---------- GIVEN INFORMATION ----------

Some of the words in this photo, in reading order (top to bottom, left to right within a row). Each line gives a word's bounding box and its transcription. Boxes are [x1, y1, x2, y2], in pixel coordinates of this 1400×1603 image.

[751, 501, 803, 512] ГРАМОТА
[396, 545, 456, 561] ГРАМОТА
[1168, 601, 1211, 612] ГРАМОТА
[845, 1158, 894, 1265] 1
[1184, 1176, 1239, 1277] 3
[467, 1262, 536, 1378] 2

----------

> [WHAT YOU NEED TO DO] Print all of the entries exactly as they are written.

> [ANSWER]
Some of the words in this photo, in reading order (top to bottom, left to right within a row). Each line gives a word's bounding box and its transcription. Boxes are [x1, y1, x2, y2], in pixel coordinates of this 1400×1603 image.

[751, 501, 803, 512] ГРАМОТА
[396, 545, 456, 561] ГРАМОТА
[1168, 601, 1211, 612] ГРАМОТА
[845, 1158, 894, 1265] 1
[1184, 1176, 1239, 1277] 3
[467, 1262, 536, 1378] 2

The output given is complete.